Never Coming Back

MA. STOP CRYING.

Who wouldn’t want to go to Hong Kong? Sampans and red lanterns and the Star Ferry and that famous harbor. Chinese food. Why not go to Hong Kong? But I had chosen it at random, because it was far away and easy to write about and sounded like a place that a person who wasn’t me would dream about. A dream that sounded like a dream but wasn’t my real dream, which was to one day, some far-off day, live inside a world of words. Words to bring back the old man, words to wall off the memory of Asa, words to build barriers, words to take them down, words to soothe the savage breast.

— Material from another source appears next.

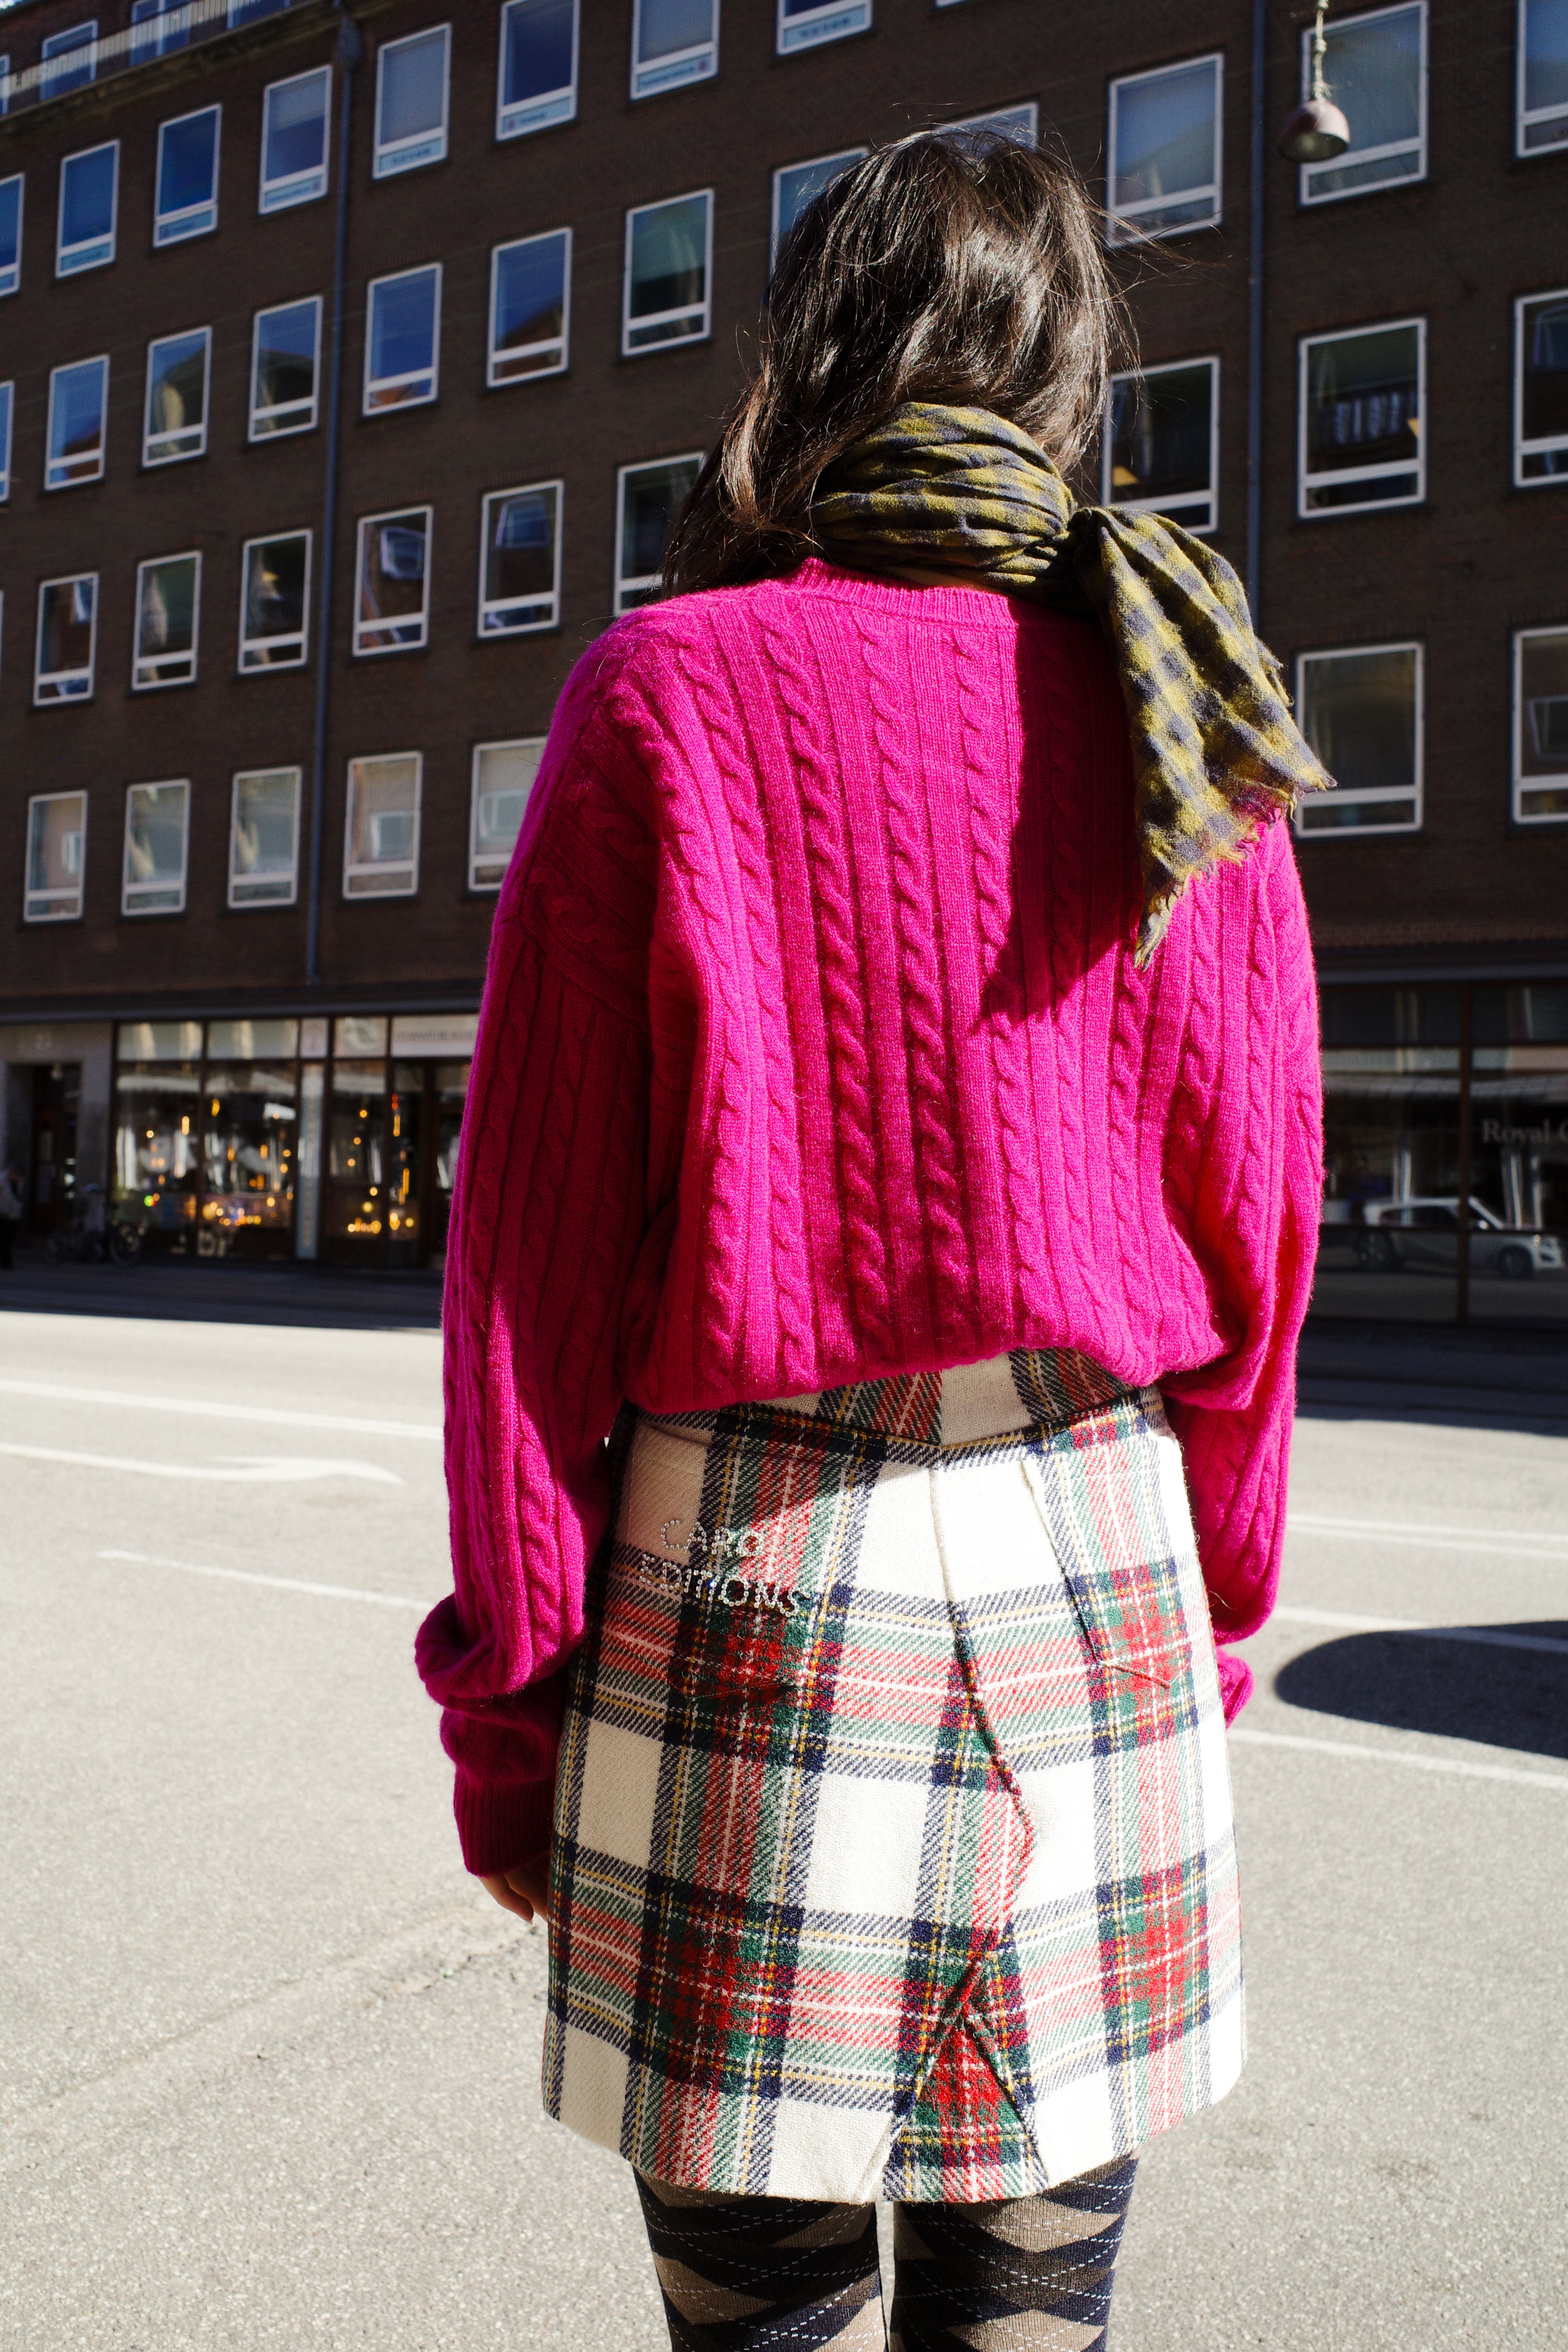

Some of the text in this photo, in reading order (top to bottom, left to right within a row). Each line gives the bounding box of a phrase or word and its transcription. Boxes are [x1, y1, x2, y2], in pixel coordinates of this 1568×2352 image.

[1482, 1118, 1551, 1145] Royal
[660, 1519, 764, 1558] CARO
[638, 1554, 811, 1618] EDITIONS

Stop crying, Ma.

“Me, I always wanted to go to San Francisco,” she said.

“San Francisco?”

I laughed. San Francisco was the most doable dream in the world. Get in the car and head west. Eventually you’d hit the Pacific Ocean. Hong Kong, now Hong Kong, even though I was only pretending I wanted to go there, was a different matter entirely. I stood there in the yellow light from the lamp she’d dragged over to the table—Tamar hated overhead light—and laughed. At her. Instantly, she stopped crying. She looked away. She got up from the table and turned herself sideways to slip past me in her Tamar way. Her two-dimensional way, which was how thin my mother was. She didn’t say another word about San Francisco, then or ever.

Back then, if you had asked me why I was laughing, I would’ve told you that compared to Hong Kong, San Francisco was such a tiny dream. Tiny, small, a laughable nothing kind of dream.

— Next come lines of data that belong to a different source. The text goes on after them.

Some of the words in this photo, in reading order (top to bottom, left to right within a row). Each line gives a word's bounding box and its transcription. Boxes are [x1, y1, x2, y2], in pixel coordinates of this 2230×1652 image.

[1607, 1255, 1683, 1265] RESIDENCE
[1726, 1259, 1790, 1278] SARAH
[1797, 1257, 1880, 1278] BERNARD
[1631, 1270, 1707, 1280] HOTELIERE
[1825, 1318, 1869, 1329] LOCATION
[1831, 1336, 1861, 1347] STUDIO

If you asked me now why I was laughing, I would tell you that I was an angry, sad girl who hated to see her mother cry. Whose world went black when her mother cried. Who would’ve done anything, who did do anything, like laugh at her right in her face, to make her stop.

Now, fifteen years later, I pictured Hong Kong in my mind. Did the lanterns still hang from sampans in that famous harbor? Or were sampans a thing of the past? I wouldn’t know, because I hadn’t been to Hong Kong. The dream I dashed out on notebook paper when I was seventeen and a senior at Sterns High School was a false dream, one I made up to finish a paper as fast as I could, a paper I got an A on.

Tamar’s dream, though? That was a true dream. A real dream.

“She wanted to go to San Francisco,” I said again. “But I think it’s too late.”





* * *





“Maybe we could bust her out,” Brown said. “Not to San Francisco but for the weekend. Or a day, even?”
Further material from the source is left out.